呻くようなその音は、その声は、千春から聞こえた。
「千春!」
「ぐっ、し、んぞ、が、ひぐっ」
「千春!!」
「い、や、しにた、くな、」
死にたくない。
確かに千春はそういった。
「大丈夫だ、死なないから!!」
「ぐあっ」
「…っ、」
ナースコール。俺は咄嗟にボタンに手を伸ばした。
助かってくれ…!!!
「死ぬな死ぬな死ぬな…千春ッ!!」
「あった。白川…これか」
白川千春の家の墓石である。綺麗に手入れされてあるそれは、太陽光を反射してきらきらと光っている。
「線香と、ライター…あった」
ポケットの中をごそごそと探る。
「ねえぱぱ、これなに?」
腕にずっとしがみついて腕時計で遊んでいたいた子供、遥斗が聞く。
「…人が眠っているところだ」
「ふぅん」
遥斗は興味を無くしたようで、再び俺の腕時計をいじり始めた。
墓石を水で洗い流し、花を備え、線香を灯して穴にいれる。
ぱん、と手を合わせた。
「あ、真!先に手ぇ合わせないでよ!あたしが先!」
「ままー!」
「…悪い、
千春」
「もぉっ!なんであたしの両親の墓参り真が先にやってるの。
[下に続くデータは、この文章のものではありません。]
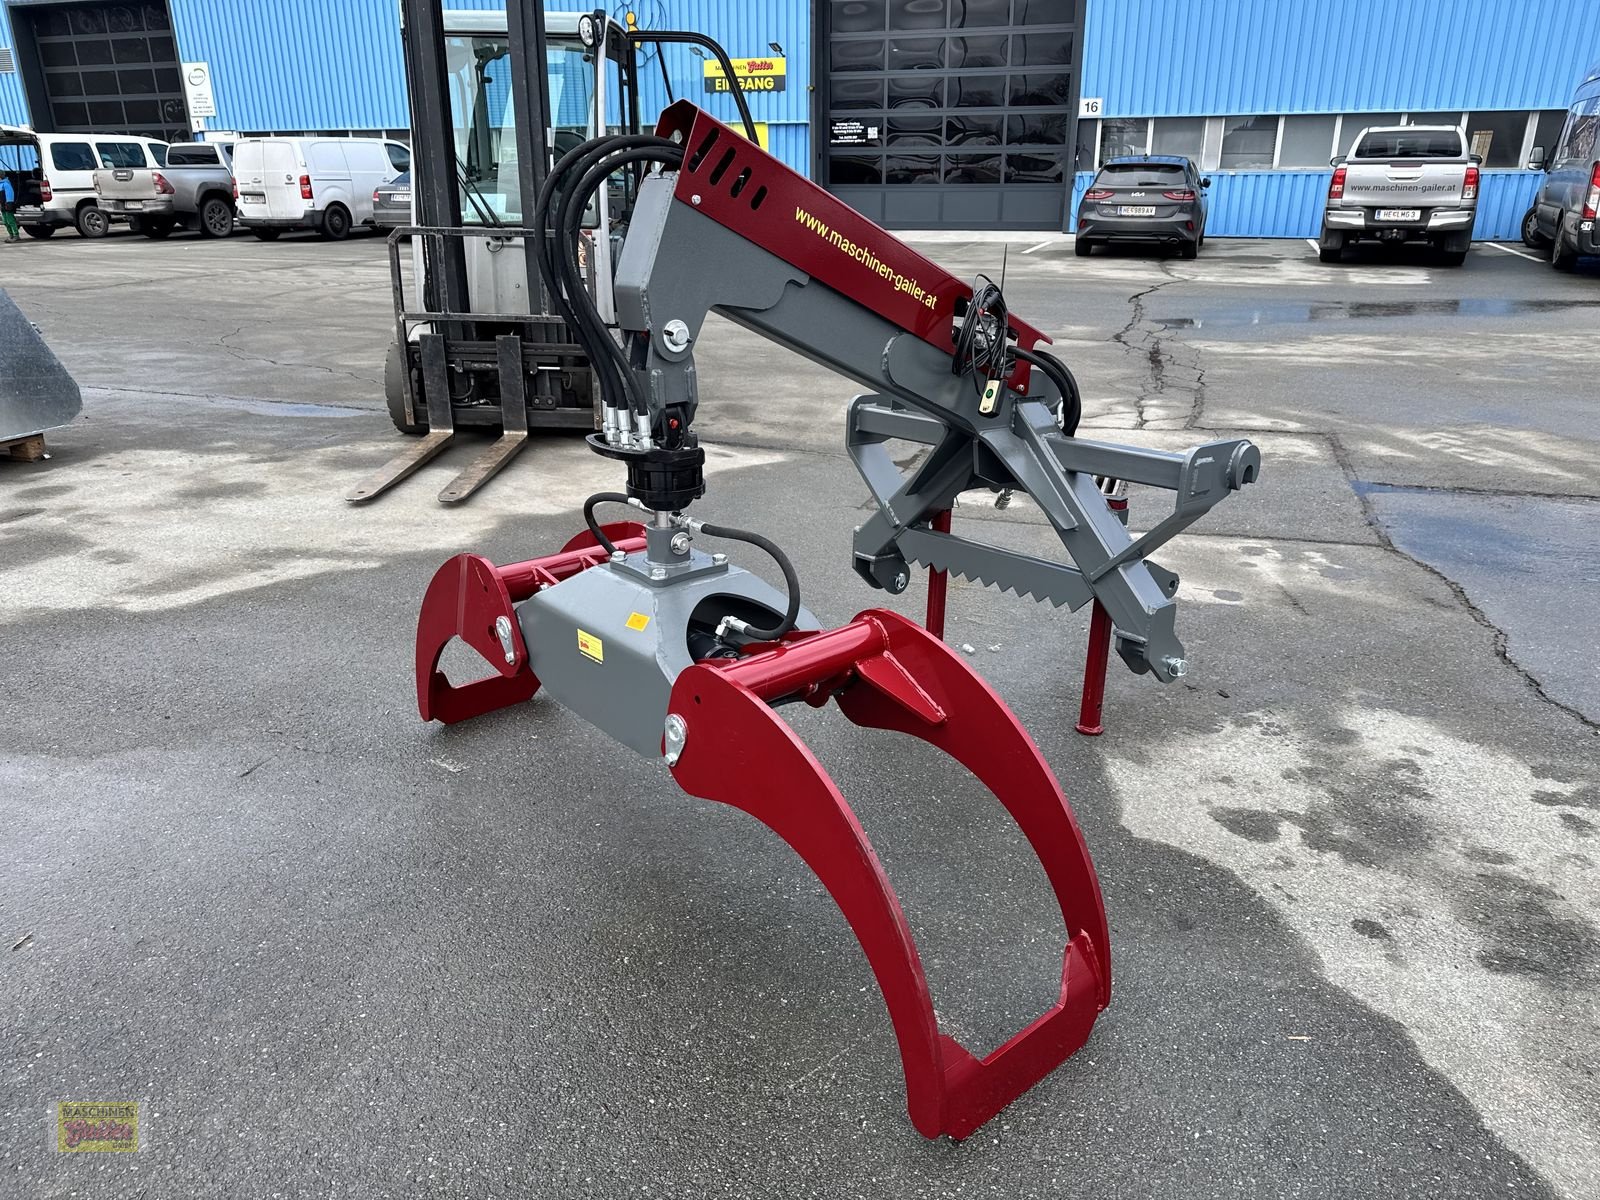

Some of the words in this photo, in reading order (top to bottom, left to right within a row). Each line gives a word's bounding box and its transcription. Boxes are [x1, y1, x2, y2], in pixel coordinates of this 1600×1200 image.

そのままストップ、あたしもやる!ほら遥斗、一緒におててあわせよっか」
「うん!おててとおててをあわせてしあわせー」
「紛らわしくて似ていて間違えやすいが、それはシワだと思うぞ遥斗」
「おててー」
俺は右に立つ千春の左手薬指を飾る指輪を、そして俺によく似た子供の遥斗を見た。
「父さん母さん、あたしはめでたく子供を産みましたー」
「とうさんかあさんうみましたー」
「遥斗って言いまーす、遥斗今いくつ?」
「3さぁい」
「真に似てイケメンになってしまいそうです、ぱぱどうしましょう?」
「いや…どうもしなくね?」
「性格はあたしに似ていいコでーす」
「まてスルーか!?スルーなのか!?」
「はるとくんいいコだぁー」
「よしよしいいコだねぇー」
「やめて…。パパなんか悲しい…」
「いろーんなことあって、あたしたちは今、とっても幸せです。感謝してます」
桜ひとひら。
また舞った花びらに、未来永劫の幸せを誓う。